For today's learners, both flexibility and quality in education are essential. At the upcoming QM Connect 2023 conference, the online education community will come together to discuss, deliberate, and design the future of high-quality, flexible learning.
Join us in a thought-provoking session at QM Connect, where Engageli's Managing Director of Partner Success and Strategy, Anita Chawla, will team up with Eric Stortz, Vice President and Associate CIO of DeVry University. Their session, Creating Engaging Asynchronous Learning Experiences with Collaborative Spaces, will share insight into the partnership and design that are providing collaborative asynchronous experiences for DeVry students.
Leading up to this session, we sat down with Eric and Anita for a Q&A session on asynchronous online learning.
From your perspective, what are the significant advantages and challenges of asynchronous online learning?
Eric Stortz: Learning on your own schedule, within a certain timeframe, can provide greater access to education. It lowers or in some cases removes hurdles like requiring a student to be at a specific place at a specific time. Flexibility is something we embrace at DeVry University. We know today’s students aren’t just students. Many work full-time jobs and raise families. Asynchronous online learning offers them that flexibility to pursue their education when the time is convenient to them.
However, one challenge it can bring is it requires discipline on the part of the learner. They must initiate their learning vs. a forced structure of being present at a required time and place to conduct learning.
How can educators ensure that asynchronous content is as engaging and effective as live sessions?
Anita Chawla: Educators are being faced with a new paradigm shift of creating engaging experiences agnostic of modality. Asynchronous learning has many facets that can be designed to enhance student retention and learner outcomes. When an educator has created asynchronous content, they should move into the shoes of a student and gauge the student experience to determine ease, effectiveness and engagement factors and continue to refine the model to create the ideal experience based on the students needs. One key component is to employ pedagogical strategies where students need to provide responses and be tested on critical thinking throughout for a scaffolded, guided learning experience.
What role does technology play in enhancing the effectiveness of asynchronous learning?

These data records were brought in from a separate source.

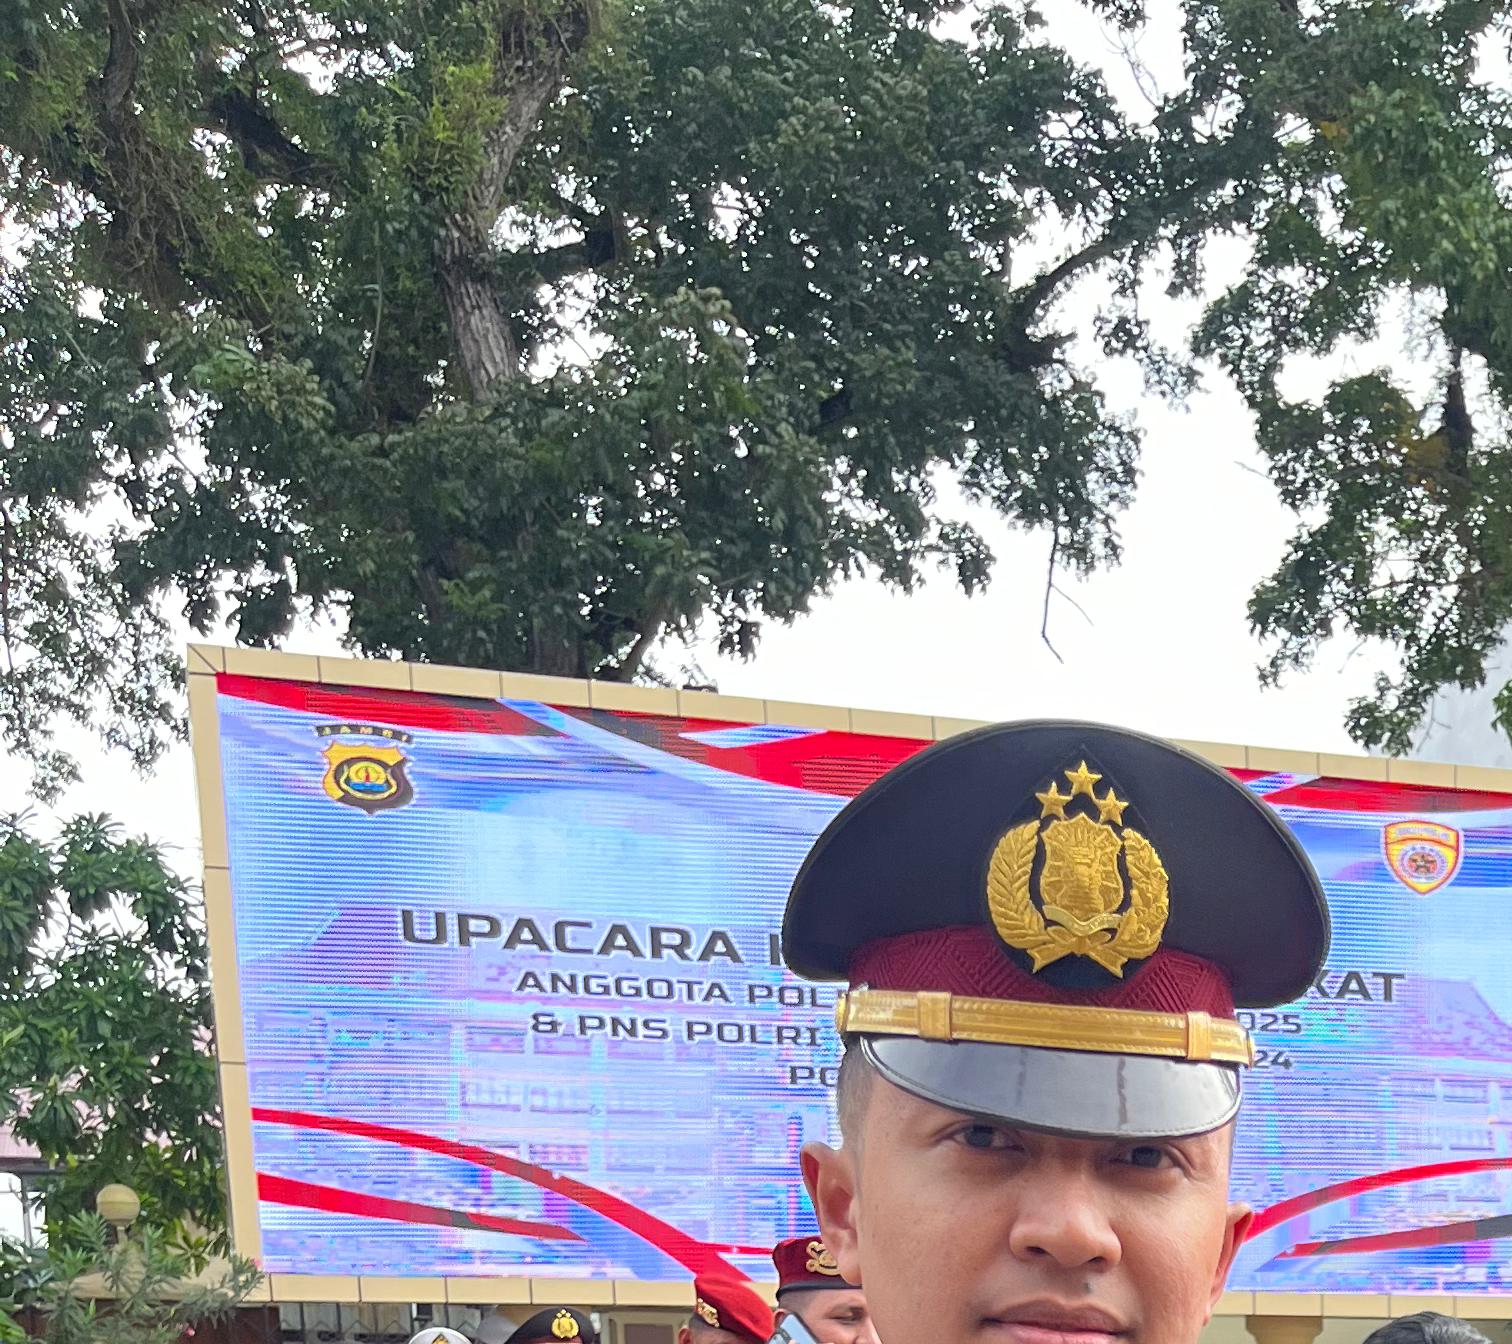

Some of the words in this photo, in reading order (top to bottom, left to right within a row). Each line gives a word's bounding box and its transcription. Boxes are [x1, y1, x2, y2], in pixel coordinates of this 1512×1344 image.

[402, 909, 744, 963] UPACARA
[1315, 970, 1405, 1002] KAT
[515, 971, 732, 1003] ANGGOTA
[748, 984, 842, 1008] POL
[1237, 1011, 1302, 1034] 025
[531, 1012, 562, 1034] &
[579, 1015, 669, 1040] PNS
[686, 1020, 822, 1047] POLRI
[1254, 1050, 1292, 1070] 24

Eric Stortz: With asynchronous learning, a professor and learner are not “together” during the same time or in the same place. Because of this, technology is essential to ensuring asynchronous learning is physically possible. Technology also plays an important role in driving that learning experience to be a rich, engaging and effective one as it can be a lonely experience at times. We understand the importance of technology in this digital world and work to ensure our learners also understand that.

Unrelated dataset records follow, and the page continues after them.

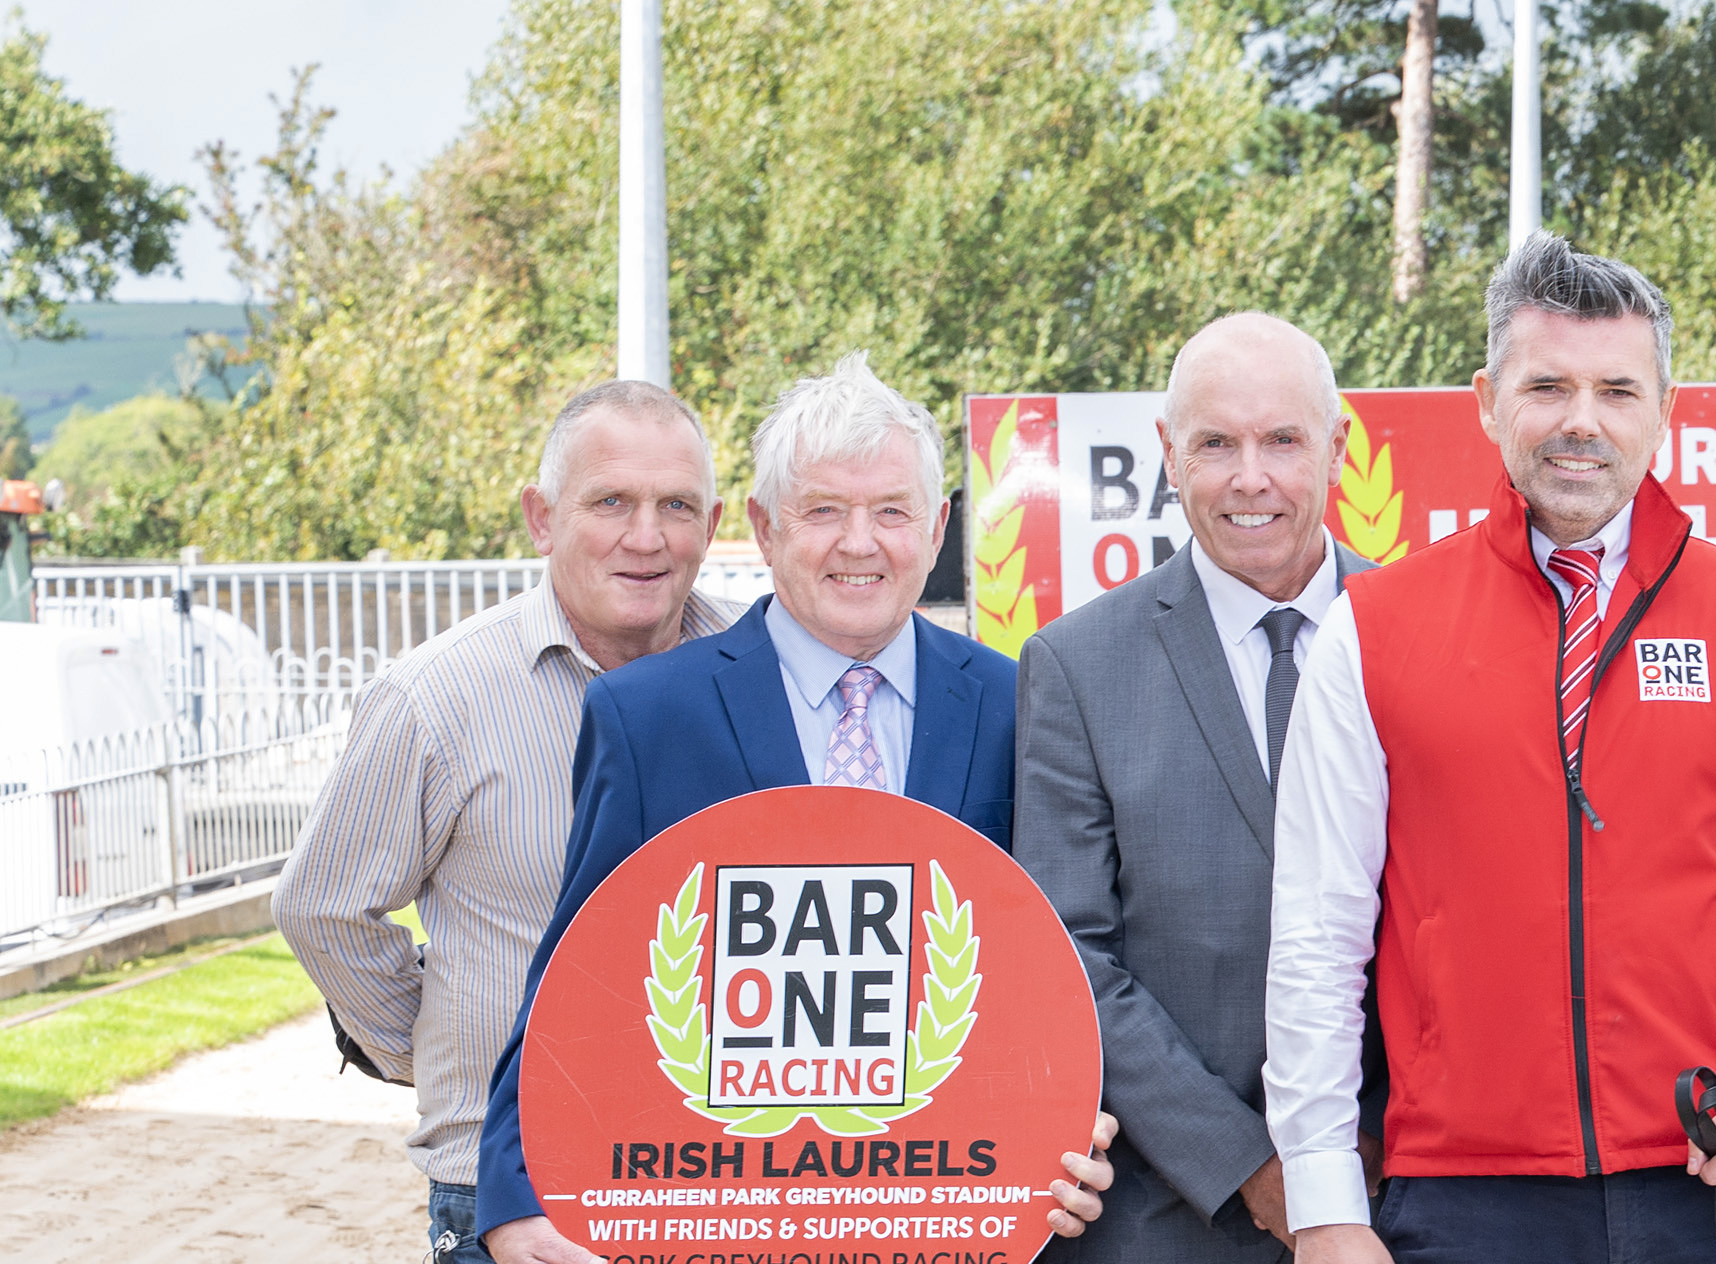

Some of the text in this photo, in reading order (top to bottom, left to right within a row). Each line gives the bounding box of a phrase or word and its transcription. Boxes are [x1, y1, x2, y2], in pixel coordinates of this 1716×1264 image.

[1090, 445, 1181, 521] BA
[1640, 643, 1703, 663] BAR
[1642, 665, 1704, 685] ONE
[1644, 686, 1706, 698] RACING
[727, 879, 903, 957] BAR
[723, 968, 895, 1049] ONE
[719, 1058, 896, 1098] RACING
[612, 1140, 997, 1179] IRISH LAURELS
[581, 1186, 1030, 1207] CURRAHEEN PARK GREYHOUND STADIUM
[588, 1216, 1017, 1241] WITH FRIENDS & SUPPORTERS OF

How do you assess student performance and participation in an asynchronous environment?
Eric Stortz: DeVry University collects and assess telemetry data on when, how and how frequently our students use our various digital learning platforms to pursue their education. These “digital footprints” enable DeVry to understand what works well for our students and what could be better. Additionally, DeVry uses these digital trails to identify students who may benefit from further outreach by professors, advisors or other university support.
How does Engageli support collaborative, asynchronous learning experiences?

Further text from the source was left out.